> [Instructions to follow] After removing every image, reproduce the data exactly as it appears.

> [Records for processing]

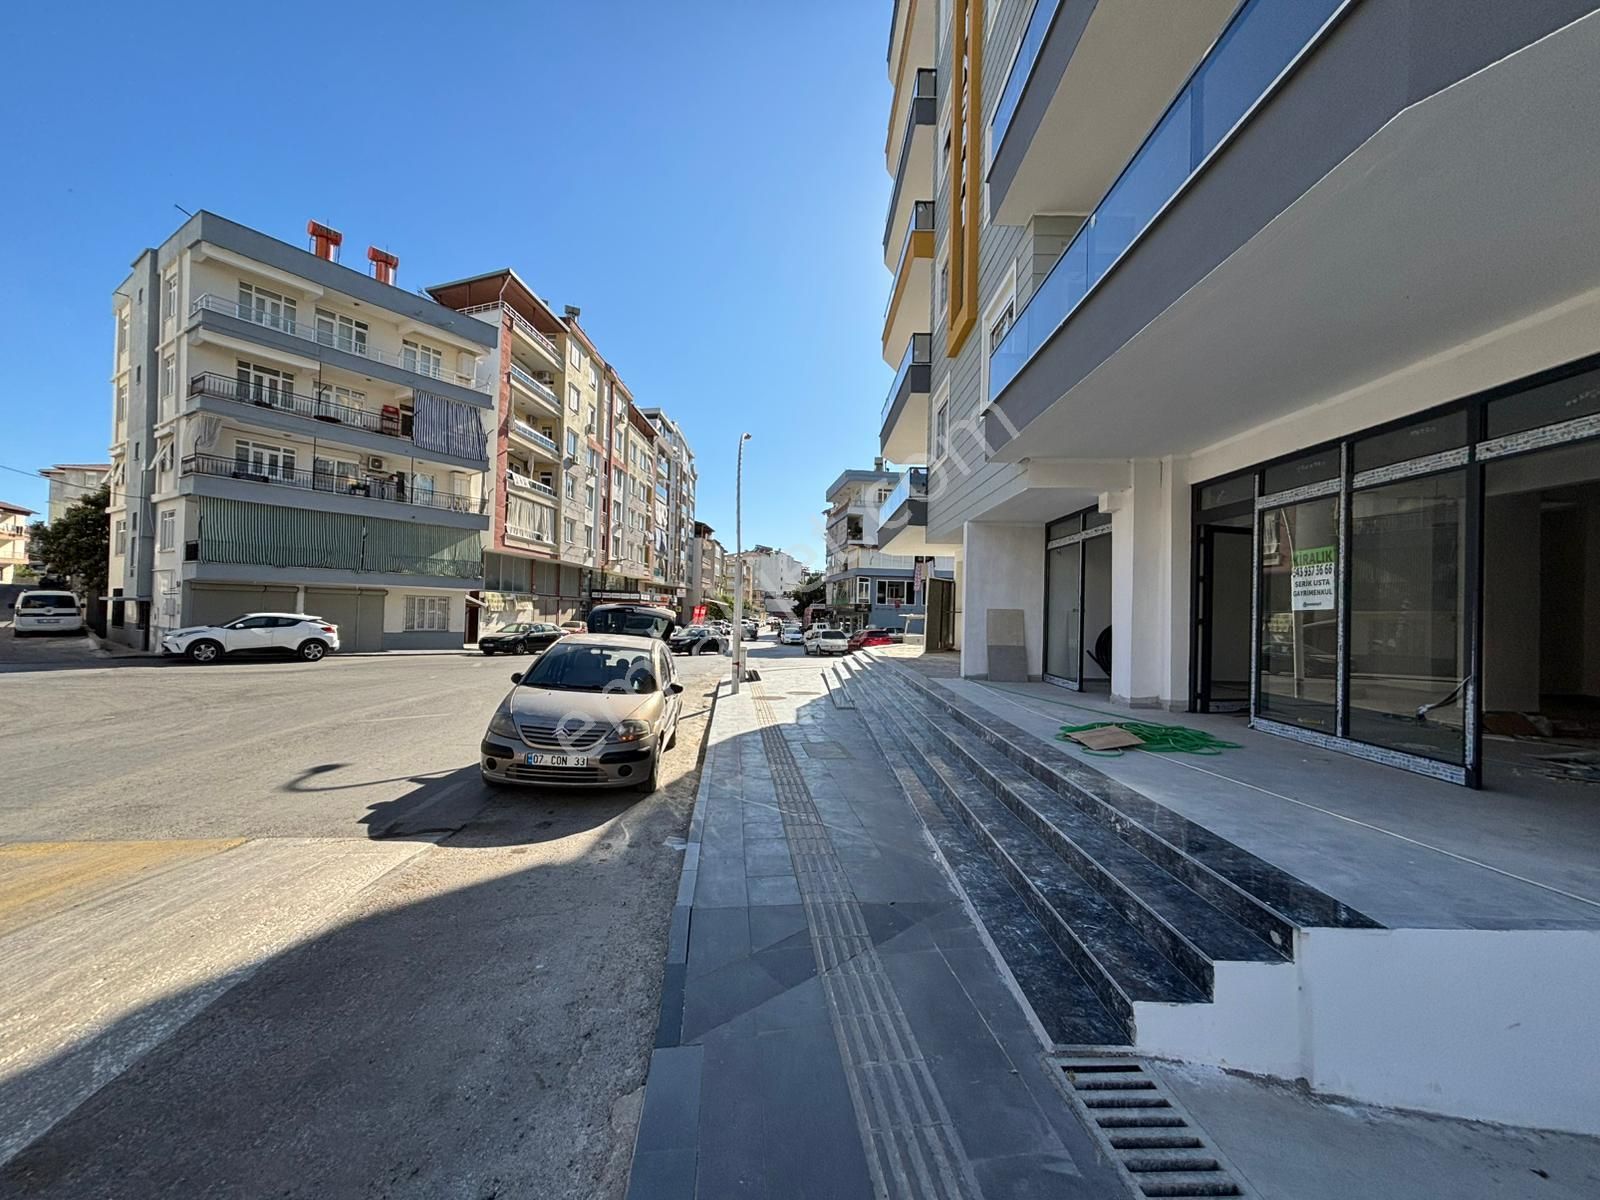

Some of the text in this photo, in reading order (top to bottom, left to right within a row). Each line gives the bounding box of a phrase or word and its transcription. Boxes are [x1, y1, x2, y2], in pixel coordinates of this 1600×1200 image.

[1293, 550, 1333, 567] KİRALIK
[1295, 578, 1330, 588] SERİK USTA
[1293, 589, 1333, 597] GAYRİMENKUL
[533, 754, 585, 767] 07 CON 33
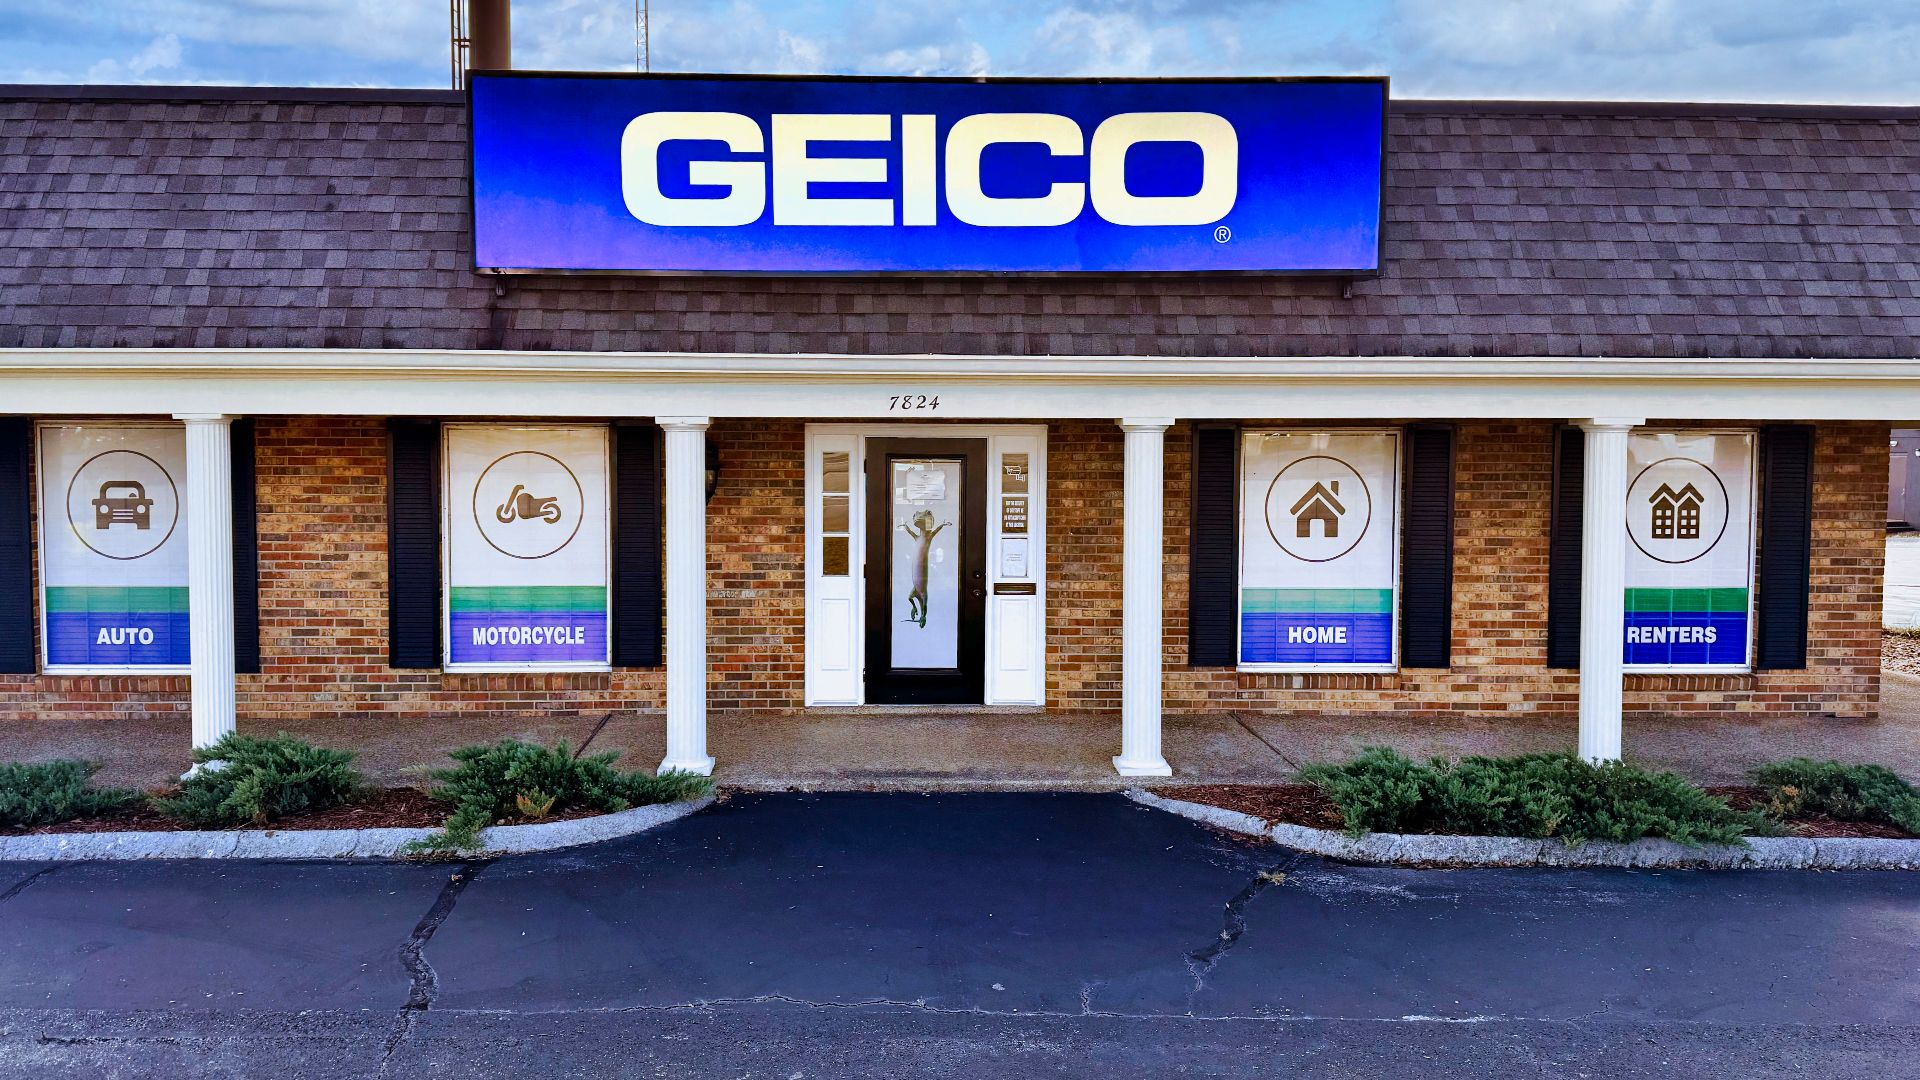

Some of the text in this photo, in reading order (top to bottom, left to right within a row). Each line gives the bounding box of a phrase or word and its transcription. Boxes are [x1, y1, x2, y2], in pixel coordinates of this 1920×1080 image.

[620, 111, 1239, 227] GEICO
[889, 395, 940, 411] 7824
[96, 627, 154, 645] AUTO
[472, 626, 585, 645] MOTORCYCLE
[1288, 626, 1347, 644] HOME
[1627, 626, 1717, 644] RENTERS

> [Written solution]
Some of the text in this photo, in reading order (top to bottom, left to right within a row). Each line gives the bounding box of a phrase or word and its transcription. Boxes are [x1, y1, x2, y2], in pixel coordinates of this 1600×1200 image.

[1293, 550, 1333, 567] KİRALIK
[1295, 578, 1330, 588] SERİK USTA
[1293, 589, 1333, 597] GAYRİMENKUL
[533, 754, 585, 767] 07 CON 33

Some of the text in this photo, in reading order (top to bottom, left to right within a row). Each line gives the bounding box of a phrase or word and its transcription. Boxes are [x1, y1, x2, y2], in pixel coordinates of this 1920×1080 image.

[620, 111, 1239, 227] GEICO
[889, 395, 940, 411] 7824
[96, 627, 154, 645] AUTO
[472, 626, 585, 645] MOTORCYCLE
[1288, 626, 1347, 644] HOME
[1627, 626, 1717, 644] RENTERS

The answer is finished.